Nino Cartabellotta, Fondazione GIMBE
Il secondo dataset è reso disponibile dal sistema di sorveglianza integrata nazionale, gestito dal 27 febbraio 2020 dall’Istituto Superiore per la Sanità e coordinato dal Dipartimento Malattie Infettive. La sorveglianza integrata raccoglie le informazioni su tutti i casi di infezione da SARS-CoV-2 confermati in laboratori regionali e informa i cittadini sull’evoluzione dell’epidemia tramite un report settimanale. Tuttavia, il report presenta dati aggregati e i pochi dati aperti sono comunque non storicizzati e solo parziali.
Questo database, che rappresenta il database di tutti i flussi informativi fondamentali, dovrebbe essere reso accessibile con dati aperti.

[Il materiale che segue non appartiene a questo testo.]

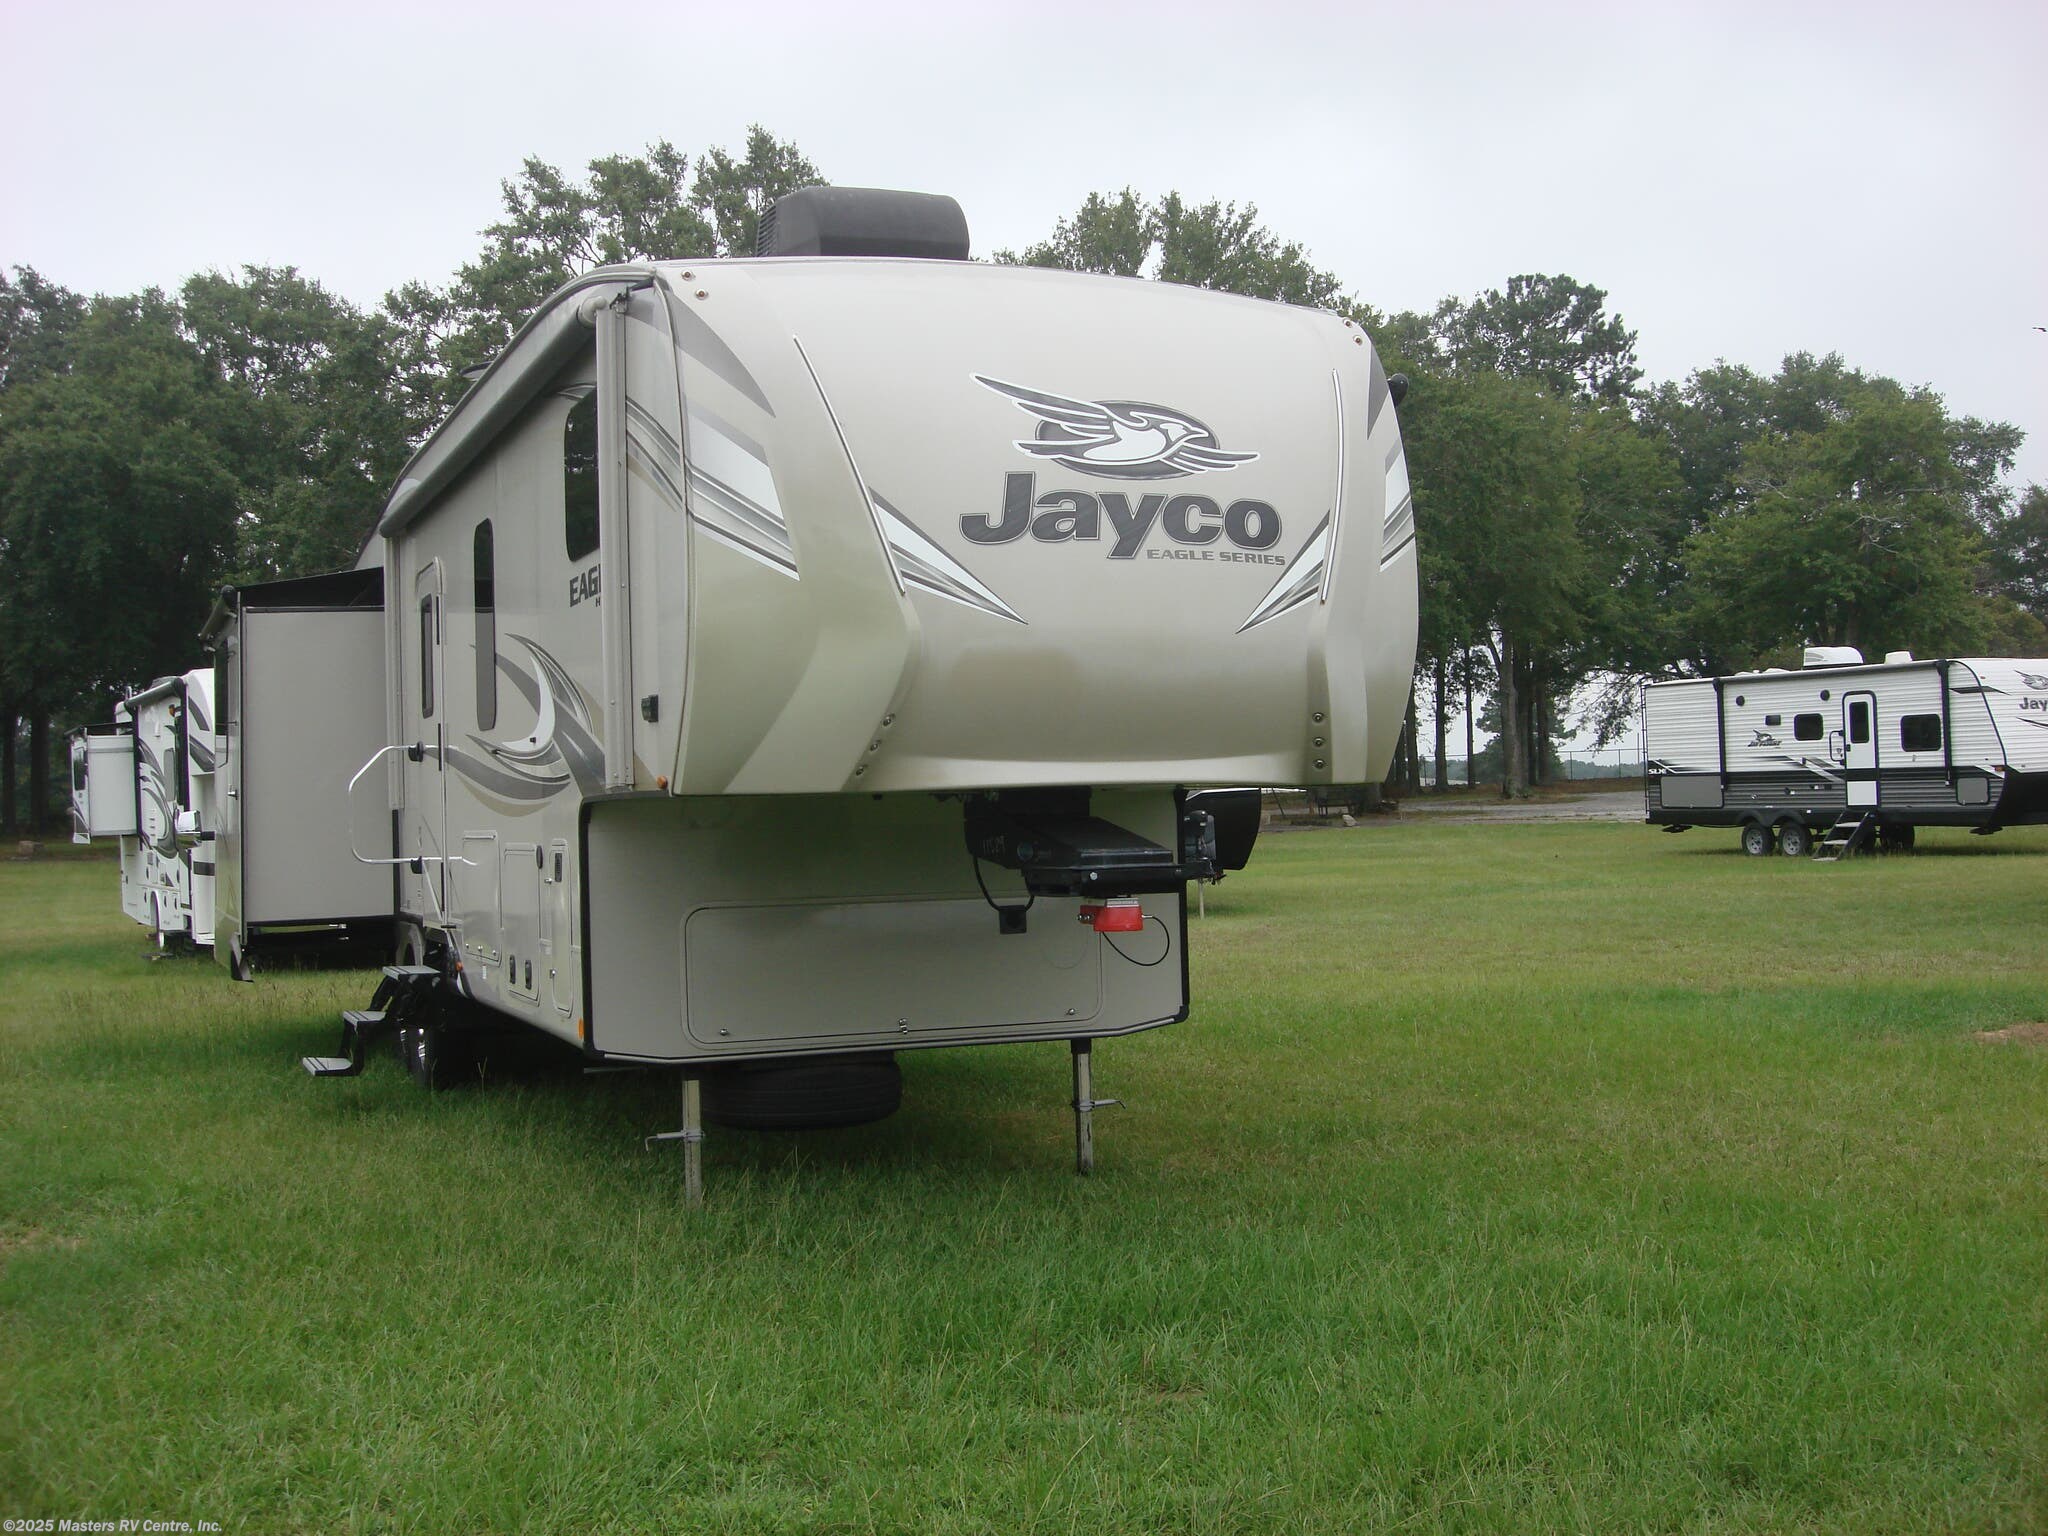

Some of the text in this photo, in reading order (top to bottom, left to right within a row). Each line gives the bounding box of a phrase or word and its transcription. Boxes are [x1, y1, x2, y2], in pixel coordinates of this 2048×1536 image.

Il terzo e ultimo dataset proviene dal monitoraggio settimanale del rischio sanitario connesso al passaggio alla fase 2A, ai sensi del Decreto del Ministro della Salute del 30 aprile 2020. Questo rappresenta la base del sistema di attribuzione dei colori delle regioni e le relative restrizioni delle attività e degli spostamenti. Pur influendo in maniera così incisiva sulle nostre vite quotidiane, si tratta altresì di un report privo di dati aperti e riutilizzabili. Inoltre, Nino Cartabellotta sottolinea che al momento sono disponibili solamente i report a partire dalla settimana del 19-25 ottobre 2020 e che alla Fondazione GIMBE non è stato ancora possibile accedere ai report precedenti, richiesti tramite lo strumento dell’accesso civico.
In un paese democratico tutti i dati devono essere aperti
Nino Cartabellotta, Fondazione GIMBE
L’accesso a dati aperti è fondamentale per permettere delle valutazioni indipendenti dell’andamento della pandemia non solo da parte della Fondazione GIMBE, ma di tutti i ricercatori che ne hanno il diritto e se ne fanno carico. Ricordiamoci che il Servizio Sanitario Nazionale e la partecipazione alla vita pubblica sono beni da tutelare sempre con integrità e trasparenza.